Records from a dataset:
===
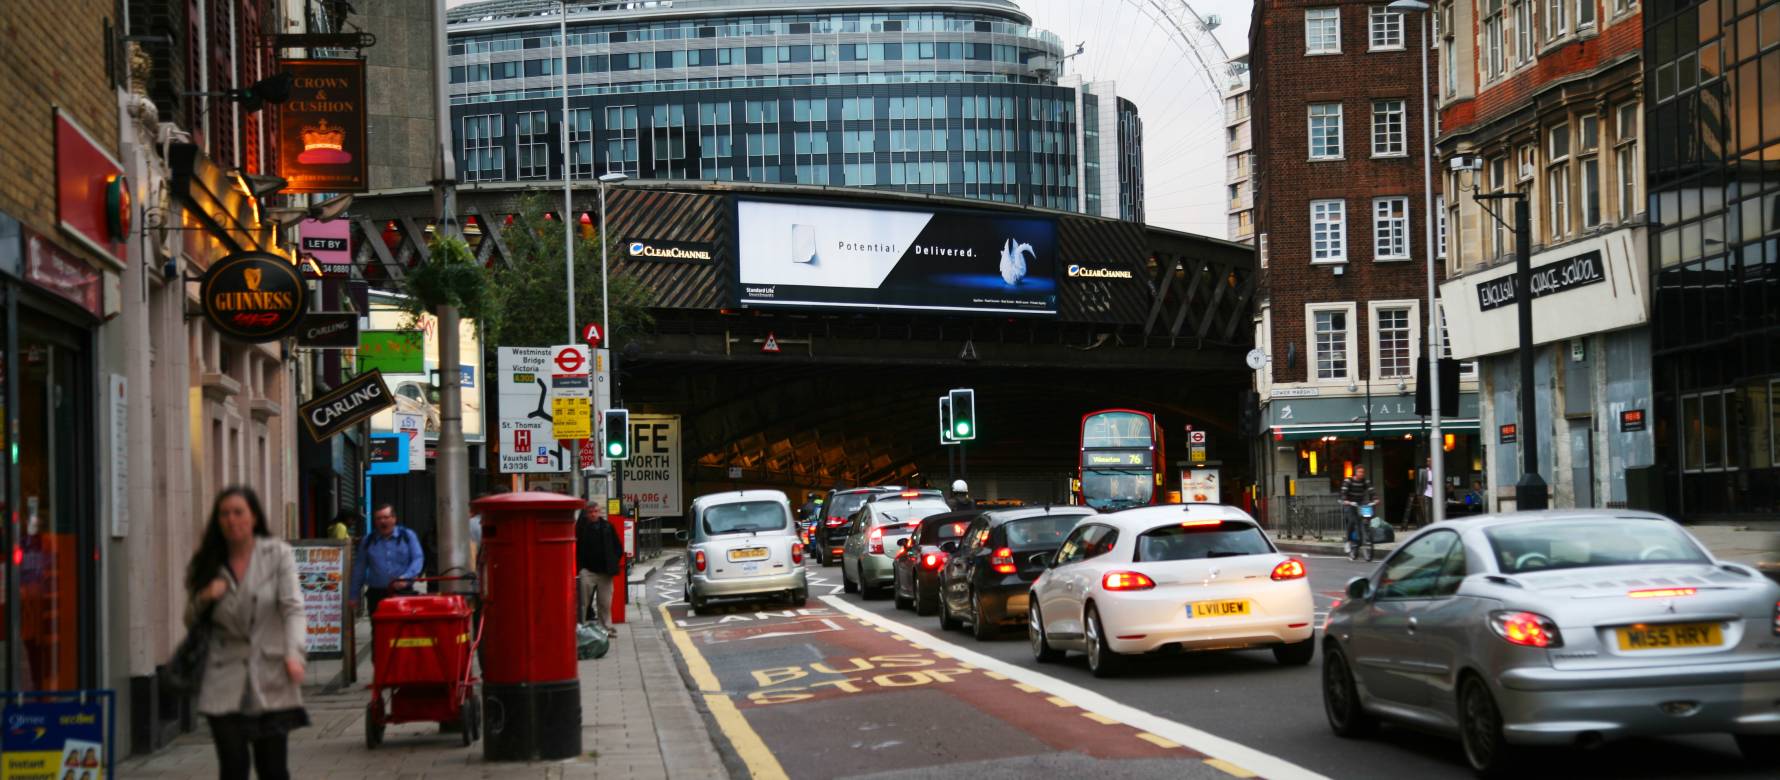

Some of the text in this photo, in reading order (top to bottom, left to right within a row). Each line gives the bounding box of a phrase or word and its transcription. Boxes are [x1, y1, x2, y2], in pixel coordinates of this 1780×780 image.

[294, 79, 349, 88] CROWN
[315, 89, 327, 99] &
[289, 101, 354, 111] CUSHION
[308, 240, 326, 248] LET
[838, 242, 977, 258] Potential. Delivered.
[1561, 258, 1600, 286] SCHOOL
[215, 291, 293, 311] GUINNESS
[307, 321, 349, 339] CARLING
[587, 325, 600, 340] A
[511, 348, 552, 356] Westminste
[511, 364, 540, 372] Victoria
[311, 382, 382, 427] CARLING
[1362, 403, 1416, 414] WAL
[501, 421, 512, 429] St.
[517, 431, 529, 445] H
[624, 456, 670, 468] WORTH
[1128, 454, 1141, 464] 76
[1221, 602, 1244, 614] UEW
[675, 608, 833, 628] LANE
[1674, 626, 1712, 646] HRY
[751, 653, 937, 688] BUS
[747, 667, 977, 705] STOP
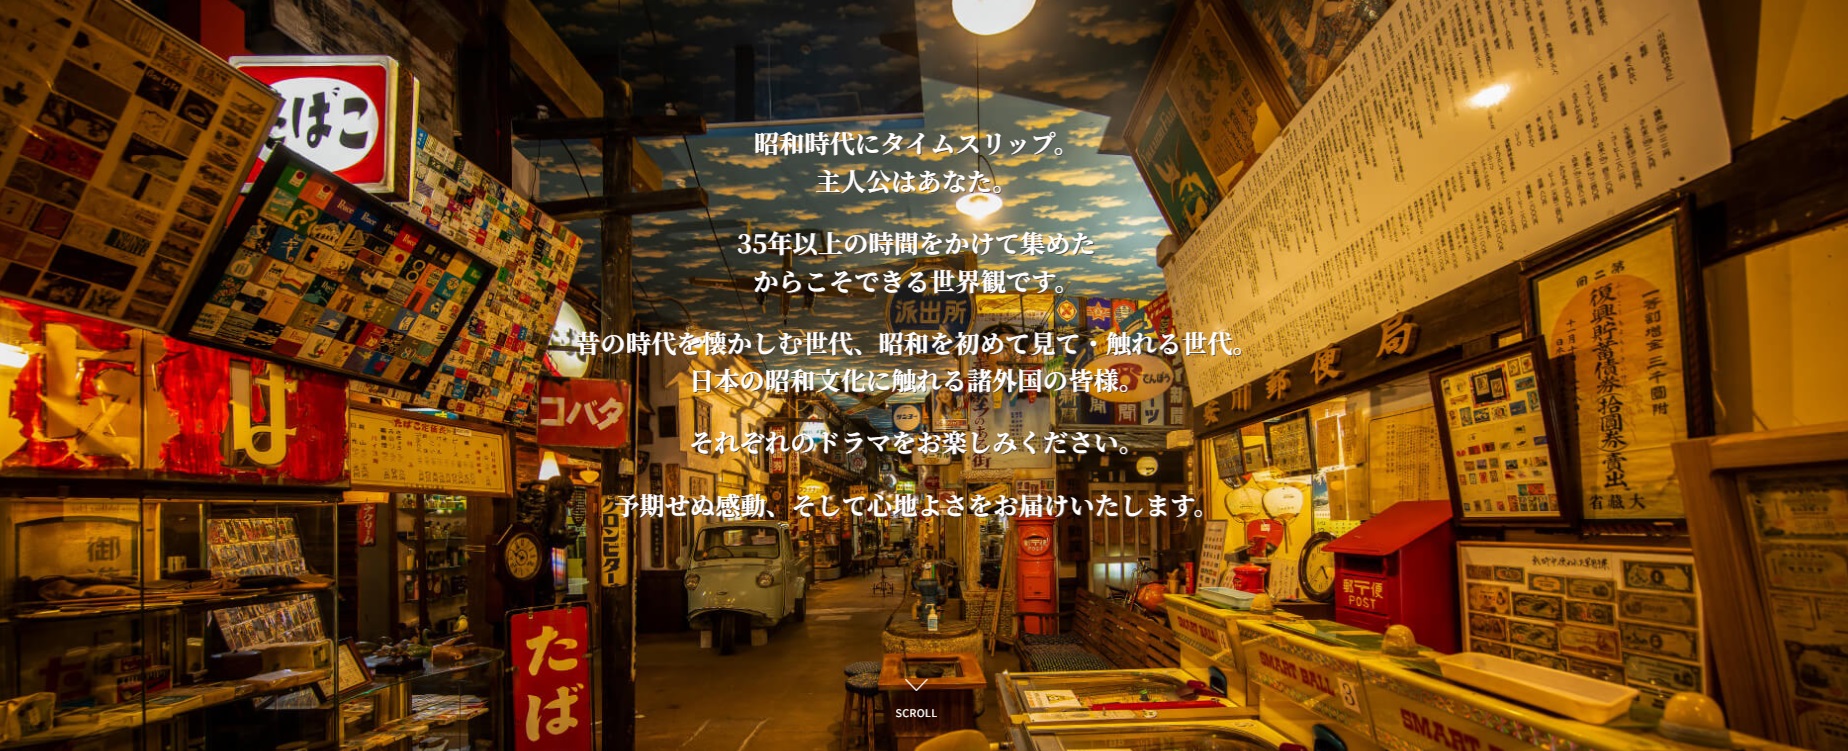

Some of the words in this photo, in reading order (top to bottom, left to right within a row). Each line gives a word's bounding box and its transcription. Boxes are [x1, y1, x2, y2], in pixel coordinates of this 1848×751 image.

[894, 300, 967, 325] 派出所
[1348, 594, 1376, 610] POST
[1199, 625, 1218, 644] BALL
[525, 625, 585, 742] たば
[1259, 651, 1298, 679] SMART
[1299, 667, 1335, 697] BALL
[1341, 682, 1356, 707] 3
[1400, 708, 1481, 751] SMART
===
*EXERCISE BRIEF:*
Write out each entry above once more, exactly as written, and drop the pictures.

*ANSWER AREA:*
Some of the text in this photo, in reading order (top to bottom, left to right within a row). Each line gives the bounding box of a phrase or word and its transcription. Boxes are [x1, y1, x2, y2], in pixel coordinates of this 1780×780 image.

[294, 79, 349, 88] CROWN
[315, 89, 327, 99] &
[289, 101, 354, 111] CUSHION
[308, 240, 326, 248] LET
[838, 242, 977, 258] Potential. Delivered.
[1561, 258, 1600, 286] SCHOOL
[215, 291, 293, 311] GUINNESS
[307, 321, 349, 339] CARLING
[587, 325, 600, 340] A
[511, 348, 552, 356] Westminste
[511, 364, 540, 372] Victoria
[311, 382, 382, 427] CARLING
[1362, 403, 1416, 414] WAL
[501, 421, 512, 429] St.
[517, 431, 529, 445] H
[624, 456, 670, 468] WORTH
[1128, 454, 1141, 464] 76
[1221, 602, 1244, 614] UEW
[675, 608, 833, 628] LANE
[1674, 626, 1712, 646] HRY
[751, 653, 937, 688] BUS
[747, 667, 977, 705] STOP

Some of the words in this photo, in reading order (top to bottom, left to right within a row). Each line gives a word's bounding box and its transcription. Boxes are [x1, y1, x2, y2], in pixel coordinates of this 1848×751 image.

[894, 300, 967, 325] 派出所
[1348, 594, 1376, 610] POST
[1199, 625, 1218, 644] BALL
[525, 625, 585, 742] たば
[1259, 651, 1298, 679] SMART
[1299, 667, 1335, 697] BALL
[1341, 682, 1356, 707] 3
[1400, 708, 1481, 751] SMART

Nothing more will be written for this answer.